While critics of Habermass theory of communicative action note the creation
of too sharp a distinction between communicative and Weberian, strategic or
instrumental action, this distinction, when interpreted in the context in which
Habermas developed the communicative conception of rationality, does not
appear flawed. Critics focus on a conceptualization of communicative action that
is based on interaction and includes active listening, and that is not necessarily
distinct from strategic action. This does not contradict Habermass theory,
especially if we take into account his later works, from the 1980s onwards:
Habermas did not advocate communicative action as something cleansed of all
interests. On the contrary, he explicitly stressed that discourse is never entirely
pure (Habermas, 1988: 303).
Habermass distinction is not so much about an a priori insistence on the
dichotomy of positions as it is about his critique of the dominant social and social
science empiricism. He does not deny the presence of interests in communicative
action, and states that between the two forms of action there exists an analytically
explicable connection (Habermas, 1982: 267). In his treatment of the understanding of power in Hannah Arendt, he also writes that the elements of strategic action
cannot be excluded from the political (Habermas, 1977: 18).

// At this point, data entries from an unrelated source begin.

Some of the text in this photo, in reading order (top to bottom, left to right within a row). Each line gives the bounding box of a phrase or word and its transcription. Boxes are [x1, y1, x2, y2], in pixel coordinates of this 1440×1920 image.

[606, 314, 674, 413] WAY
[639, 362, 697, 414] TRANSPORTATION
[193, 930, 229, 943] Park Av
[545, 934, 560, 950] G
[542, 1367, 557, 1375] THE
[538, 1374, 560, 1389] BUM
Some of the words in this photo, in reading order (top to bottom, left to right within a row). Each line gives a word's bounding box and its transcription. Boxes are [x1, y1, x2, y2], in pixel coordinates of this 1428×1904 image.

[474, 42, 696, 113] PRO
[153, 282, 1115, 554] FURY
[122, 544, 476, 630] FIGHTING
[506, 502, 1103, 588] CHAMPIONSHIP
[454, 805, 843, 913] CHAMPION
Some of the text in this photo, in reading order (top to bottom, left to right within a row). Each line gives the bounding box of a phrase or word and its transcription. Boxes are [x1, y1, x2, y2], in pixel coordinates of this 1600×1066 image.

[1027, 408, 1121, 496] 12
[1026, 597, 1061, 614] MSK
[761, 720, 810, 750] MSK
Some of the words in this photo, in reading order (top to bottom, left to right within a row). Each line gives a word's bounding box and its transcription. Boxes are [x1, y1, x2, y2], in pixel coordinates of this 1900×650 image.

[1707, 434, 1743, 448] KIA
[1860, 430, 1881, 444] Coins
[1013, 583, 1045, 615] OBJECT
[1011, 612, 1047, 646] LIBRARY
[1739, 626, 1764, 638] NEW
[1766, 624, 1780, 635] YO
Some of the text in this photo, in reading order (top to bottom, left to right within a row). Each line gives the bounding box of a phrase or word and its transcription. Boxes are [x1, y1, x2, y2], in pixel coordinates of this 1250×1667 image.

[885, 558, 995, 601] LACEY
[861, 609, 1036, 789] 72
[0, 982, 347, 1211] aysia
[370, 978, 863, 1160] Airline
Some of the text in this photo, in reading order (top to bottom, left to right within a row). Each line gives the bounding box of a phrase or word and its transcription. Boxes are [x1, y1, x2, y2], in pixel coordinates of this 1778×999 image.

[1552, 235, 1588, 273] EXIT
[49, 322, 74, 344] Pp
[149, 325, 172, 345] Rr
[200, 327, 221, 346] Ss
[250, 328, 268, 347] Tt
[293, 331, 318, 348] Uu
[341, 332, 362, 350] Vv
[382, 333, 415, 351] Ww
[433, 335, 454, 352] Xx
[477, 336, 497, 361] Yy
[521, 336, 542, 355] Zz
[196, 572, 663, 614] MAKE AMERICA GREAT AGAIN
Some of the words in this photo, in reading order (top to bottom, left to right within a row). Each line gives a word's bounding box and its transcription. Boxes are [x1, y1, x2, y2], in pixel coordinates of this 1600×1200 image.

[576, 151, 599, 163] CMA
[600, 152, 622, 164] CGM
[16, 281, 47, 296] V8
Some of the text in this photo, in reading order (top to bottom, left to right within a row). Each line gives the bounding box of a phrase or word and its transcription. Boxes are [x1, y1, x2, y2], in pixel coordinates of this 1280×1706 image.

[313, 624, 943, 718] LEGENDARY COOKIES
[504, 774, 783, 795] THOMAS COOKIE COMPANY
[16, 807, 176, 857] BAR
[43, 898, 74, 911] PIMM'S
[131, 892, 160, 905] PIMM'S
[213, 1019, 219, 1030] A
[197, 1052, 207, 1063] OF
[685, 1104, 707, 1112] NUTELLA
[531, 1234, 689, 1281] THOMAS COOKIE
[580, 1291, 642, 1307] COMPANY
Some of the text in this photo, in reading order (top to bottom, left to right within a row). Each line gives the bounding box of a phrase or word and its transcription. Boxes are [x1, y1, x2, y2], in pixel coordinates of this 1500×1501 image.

Moreover, he stresses
the need for an active understanding of interests that would avoid the Weberian
insistence on strategic rationality, according to which (all) other forms of action
are perceived as specific deviations (spezifische Abweichungen) (Habermas, 1981a:
6). Deciding between the two actions is therefore abstract, since communicative
action in the life-world is not just a matter of choice but a communicative, interactive disposition in the world, which is different from isolation in strategic
action (Habermas, 2001: 102; 1982, 227).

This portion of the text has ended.